Microstructure and Hydrophobicity of the External Surface of a Sonoran Desert Beetle

Round 1

Reviewer 1 Report

In this study, Tellechea-Robles et al. studied the hydrophobicity and microstructure of the external surface (elytra) of a Sonoran Desert beetle collected from two sampling sites with different ambient humidity. It is interesting that the microstructure (the polygon array) and the related wettability is different on the beetle external surface (elytra) from different sampling sites. For the sample from the more humid sampling site, the polygon array is denser and the surface is hydrophobic, whereas the polygon array is less dense and the surface is slightly hydrophilic for the drier site. It is concluded that the elytra of the studied American species display similar geometrical traits as an African beetle species (from the Namibian Desert) known for water harvesting capabilities. However, the manuscript cannot be considered for acceptance by this journal in its present form. The proper revision is necessary for its resubmission. Below are comments that may help improve it:

1. To our knowledge, the desert beetles have been extensively studied in biomimetic field, especially their water collection ability reported widely (Nature 2001, 414, 33; Frontiers in Zoology 2010, 7, 23; ACS Nano, 2017, 11, 760; Nano Lett. 2006, 6, 1213; Bioinspir. Biomim. 2014, 9, 031002; J. Bionic Eng. 2009, 6, 63). However, the authors only simply introduced few reports and discussed the mechanism for water collection originated from surface structures. Compared to those mentioned studies which elucidate the relation between the wettability and the beetle surface structures for guiding the bioinspired fabrication of functional structures and devices, what is the breakthrough of this study? I strongly suggest that the authors should summarize and compare the advances on the wettability of desert beetles systematically to highlight the novelty of this study in the Introduction.
2. This study only explored the structure-mediated wettability of the beetles in nature reported everywhere, which is not mentioned the biomimetic structure and performance from these beetles. As for the focus of this journal Biomimetics on biomimicry and bionics, this seems to be far from journal standard. Thus, the biomimetic experimental results should be given to verify the discovery from other beetles.
3. In the Materials and Method section, the authors referred to “there are clear differences in atmospheric relative moisture between both sampling sites”. It is easy to measure or obtain the atmospheric relative moisture at both sampling sites. To better get know of the difference more intuitively by other researchers, the authors must provide the specific value of atmospheric relative moisture at sampling sites like the value of annual rainfall provided. In addition, the authors used a voltage between 15 and 20 kV for the SEM characterization of all samples. Did this voltage damage the biological surface because 5 kV is usually used?
4. The authors captured more specimens for observation and characterization. But when calculating the polygon density on the beetle external surface, the polygon areas are only calculated. What is the number of polygons per unit area? How much sample number to use for calculation? Does the sample number influence the polygon density?
5. This manuscript stated that the elytra of the studied American species display similar geometrical traits as an African beetle species (from the Namibian Desert) known for water harvesting capabilities. By checking the reported Namibian beetle, we found the bumps/protuberances on the external surface have different sizes for both beetles. So, the description seems to be improper.
6. The authors only studied the structure and wettability of the beetles by means of scanning electron microscopy experiments and contact angle measurements. But for the beetles, the water harvesting capability is crucial to explain the structure and wettability differences the authors found because these structures and functions were evolved to adapt to their living environment.

Author Response

We have carefully read the reviewers´ suggestions. We have modified the manuscript accordingly. The revisions are highlighted in red in the new manuscript. We thank the reviewer for the insightful comments.

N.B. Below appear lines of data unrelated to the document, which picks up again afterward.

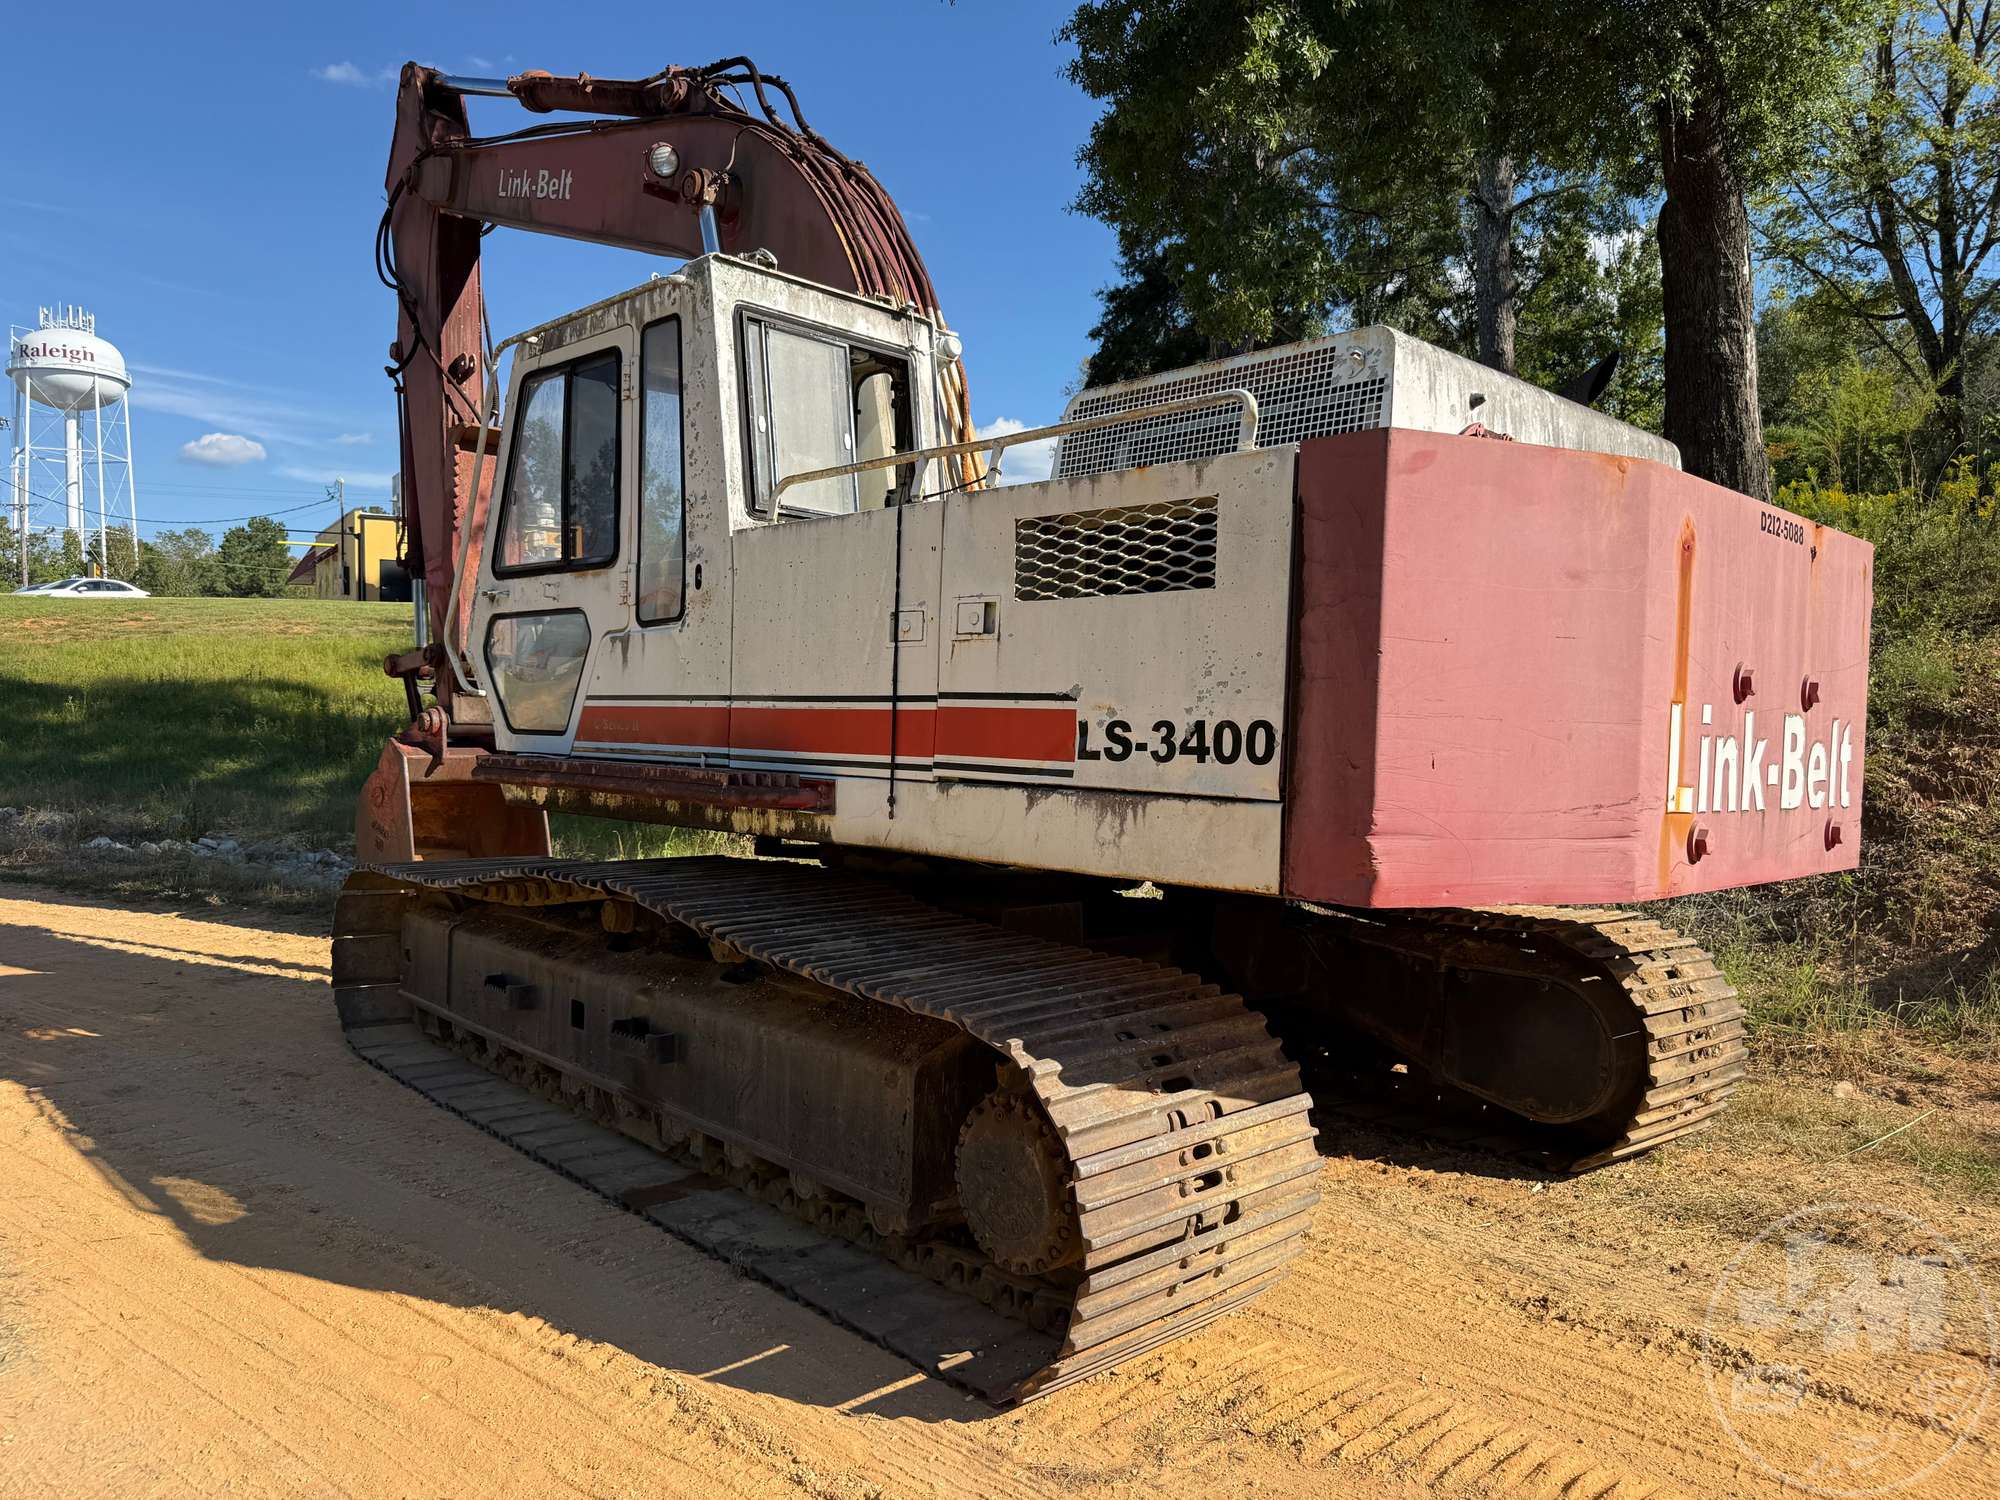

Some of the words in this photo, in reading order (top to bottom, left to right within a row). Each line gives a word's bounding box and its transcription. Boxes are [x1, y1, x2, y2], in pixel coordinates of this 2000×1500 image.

[498, 168, 573, 200] Link-Belt
[20, 343, 95, 363] Raleigh
[1760, 511, 1804, 545] D212-5088
[1077, 719, 1277, 766] LS-3400
[1666, 703, 1852, 813] Link-Belt
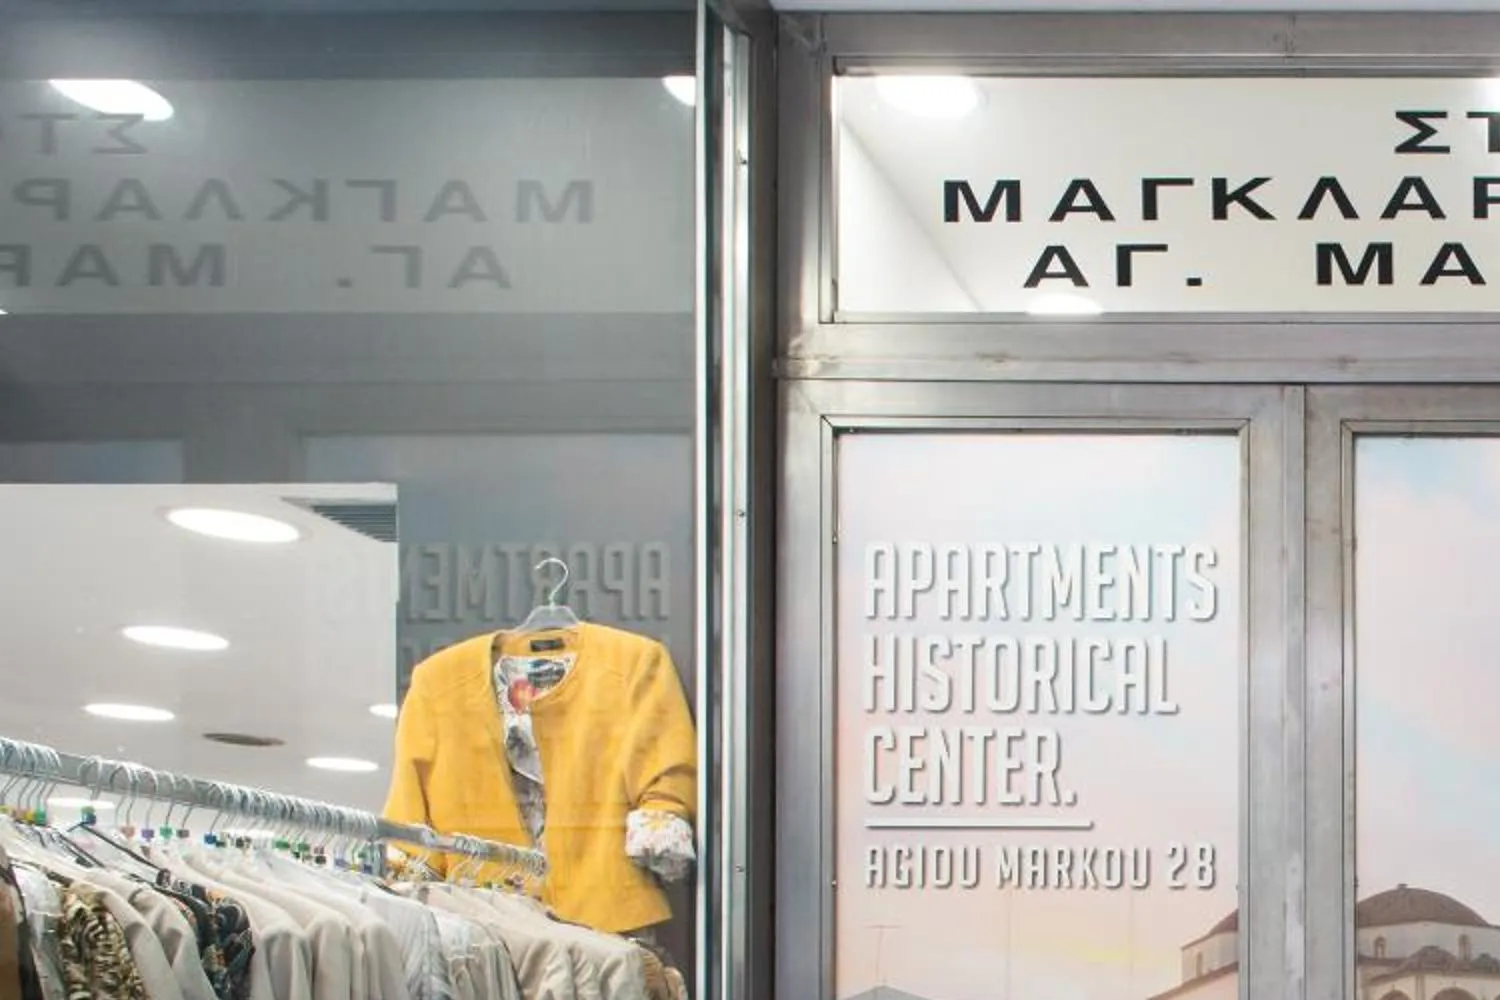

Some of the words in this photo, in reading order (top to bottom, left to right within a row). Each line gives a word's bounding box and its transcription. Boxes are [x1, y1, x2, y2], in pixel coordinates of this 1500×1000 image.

1.- We have added the new references the reviewer suggests. In addition we have summarized these and other works in the introduction. We think that with this we highlight the novelty of our study: we investigate a new beetle, from another continent (America) as compared to the previous studies (African beetle).

2.- We have added a comment on the discussion section describing the performance of some of the previously studied beetles. We also add comments on some biomimetic investigations and give the yield of some of the described biomimetic surfaces. Relevant references are added.

3.- We added a lines in the materials and methods sections explaining the difference in relative humidity between the sampling sites. We also direct the reader to the plot in the Supplementary materials. The used voltage in the SEM experiments did not damage the biological samples. In fact, our experiments were highly reproducible: the same structures were observed in all the samples. In addition, since the surfaces were dry we did not expect any damage to the samples.

4.- We added some lines in the Results section in order to clarify these experimental details. Sample number did not influence the polygon density. The required number of polygons per unit area is given in the text, in figure 5 and in Table 1 of the supplementary materials all the data are presented. We analyzed all the collected samples.

5.- We have added some comments in the results section in order to compare the geometrical dimensions of the studied micropatterned surfaces with those reported in the literature for the Namibian beetle. We think the manuscript is better now.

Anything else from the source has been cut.